Logging Errors from Batch Execution

In OFS Compliance Studio’s Batch Scheduler, the Batch Monitor status is driven by the batch framework’s view of each task’s run outcome and not by what the task’s internal code records in logs. The framework determines success or failure based on whether each underlying task completes normally or returns a failure condition that the framework can recognize. As a result, it’s possible to see a batch with the SUCCESS status in the Batch Monitor UI even though the underlying Data Load or Scoring logic encountered errors in the back-end. This happens when the task code catches and handles errors internally, for example, recording an issue in a database table or writing the error to the logs, but does not propagate the error back to the batch framework as a task failure. In such a scenario, the batch framework has no failure signal to act on, so it continues to report the task and the overall batch, as successful.

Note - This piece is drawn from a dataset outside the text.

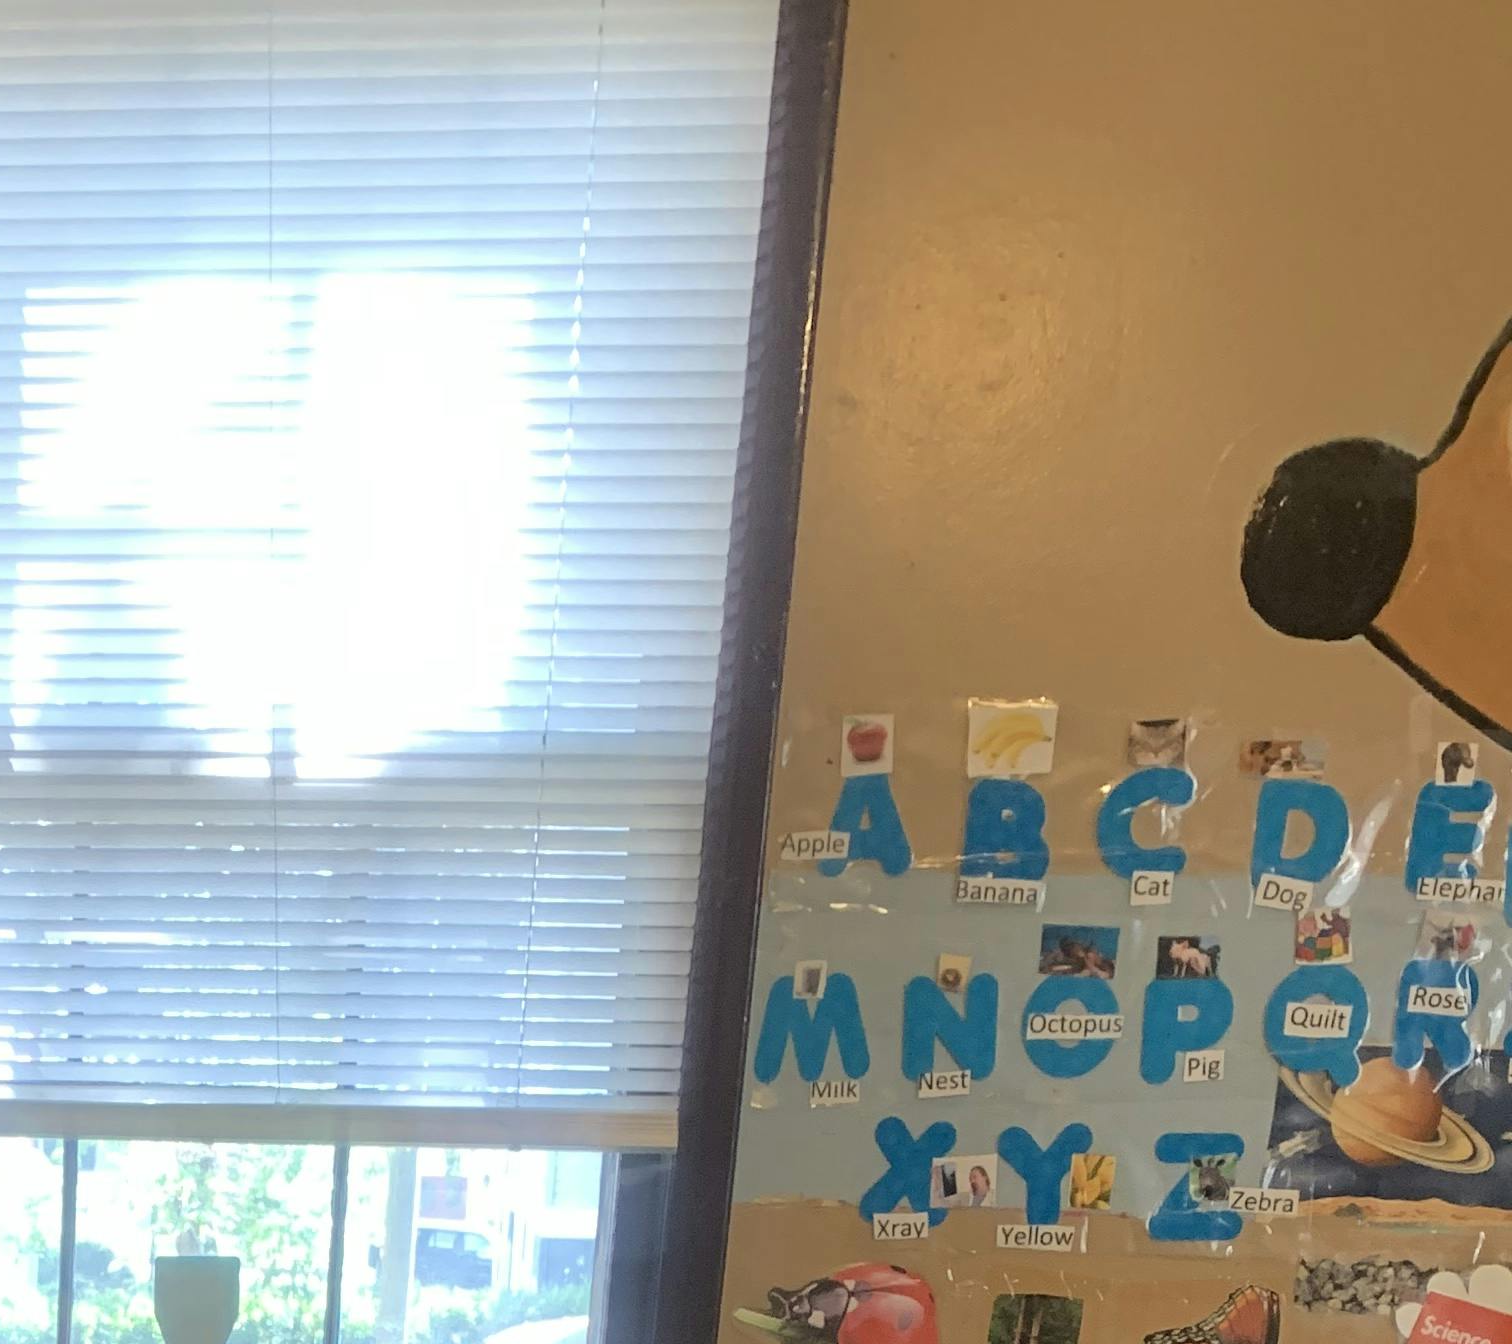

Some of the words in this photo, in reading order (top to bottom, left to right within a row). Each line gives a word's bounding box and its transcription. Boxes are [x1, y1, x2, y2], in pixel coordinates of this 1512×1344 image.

To have the Batch Monitor accurately reflect a FAILED status when the underlying processing fails, the task implementation must explicitly signal the failure to the framework. For Notebook-based tasks, this typically means raising an exception in the relevant notebook paragraph or cell when a fatal condition is detected. When an exception is raised (instead of only being logged and then ignored), the batch framework can detect it, mark the task as failed, and the Batch Monitor UI will show the batch/task as FAILED along with the error details.